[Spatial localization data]
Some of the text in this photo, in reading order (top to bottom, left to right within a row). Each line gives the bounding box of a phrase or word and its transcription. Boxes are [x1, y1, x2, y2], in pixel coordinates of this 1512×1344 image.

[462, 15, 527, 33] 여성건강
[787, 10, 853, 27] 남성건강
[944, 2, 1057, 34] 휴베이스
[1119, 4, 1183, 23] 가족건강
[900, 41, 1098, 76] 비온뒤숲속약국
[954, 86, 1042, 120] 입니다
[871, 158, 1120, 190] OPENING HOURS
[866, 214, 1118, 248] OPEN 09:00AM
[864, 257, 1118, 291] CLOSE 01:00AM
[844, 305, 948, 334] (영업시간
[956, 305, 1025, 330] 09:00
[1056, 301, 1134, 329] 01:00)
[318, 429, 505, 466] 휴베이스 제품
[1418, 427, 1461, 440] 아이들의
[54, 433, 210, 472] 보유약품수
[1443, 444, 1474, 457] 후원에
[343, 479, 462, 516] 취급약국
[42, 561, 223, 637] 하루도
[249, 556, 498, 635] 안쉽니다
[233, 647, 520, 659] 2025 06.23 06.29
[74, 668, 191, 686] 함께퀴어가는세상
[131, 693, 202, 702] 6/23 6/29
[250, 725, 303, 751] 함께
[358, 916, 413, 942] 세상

**What to work on**
Each record above needs to be set down again, word for word.

**Reply**
Some of the text in this photo, in reading order (top to bottom, left to right within a row). Each line gives the bounding box of a phrase or word and its transcription. Boxes are [x1, y1, x2, y2], in pixel coordinates of this 1512×1344 image.

[462, 15, 527, 33] 여성건강
[787, 10, 853, 27] 남성건강
[944, 2, 1057, 34] 휴베이스
[1119, 4, 1183, 23] 가족건강
[900, 41, 1098, 76] 비온뒤숲속약국
[954, 86, 1042, 120] 입니다
[871, 158, 1120, 190] OPENING HOURS
[866, 214, 1118, 248] OPEN 09:00AM
[864, 257, 1118, 291] CLOSE 01:00AM
[844, 305, 948, 334] (영업시간
[956, 305, 1025, 330] 09:00
[1056, 301, 1134, 329] 01:00)
[318, 429, 505, 466] 휴베이스 제품
[1418, 427, 1461, 440] 아이들의
[54, 433, 210, 472] 보유약품수
[1443, 444, 1474, 457] 후원에
[343, 479, 462, 516] 취급약국
[42, 561, 223, 637] 하루도
[249, 556, 498, 635] 안쉽니다
[233, 647, 520, 659] 2025 06.23 06.29
[74, 668, 191, 686] 함께퀴어가는세상
[131, 693, 202, 702] 6/23 6/29
[250, 725, 303, 751] 함께
[358, 916, 413, 942] 세상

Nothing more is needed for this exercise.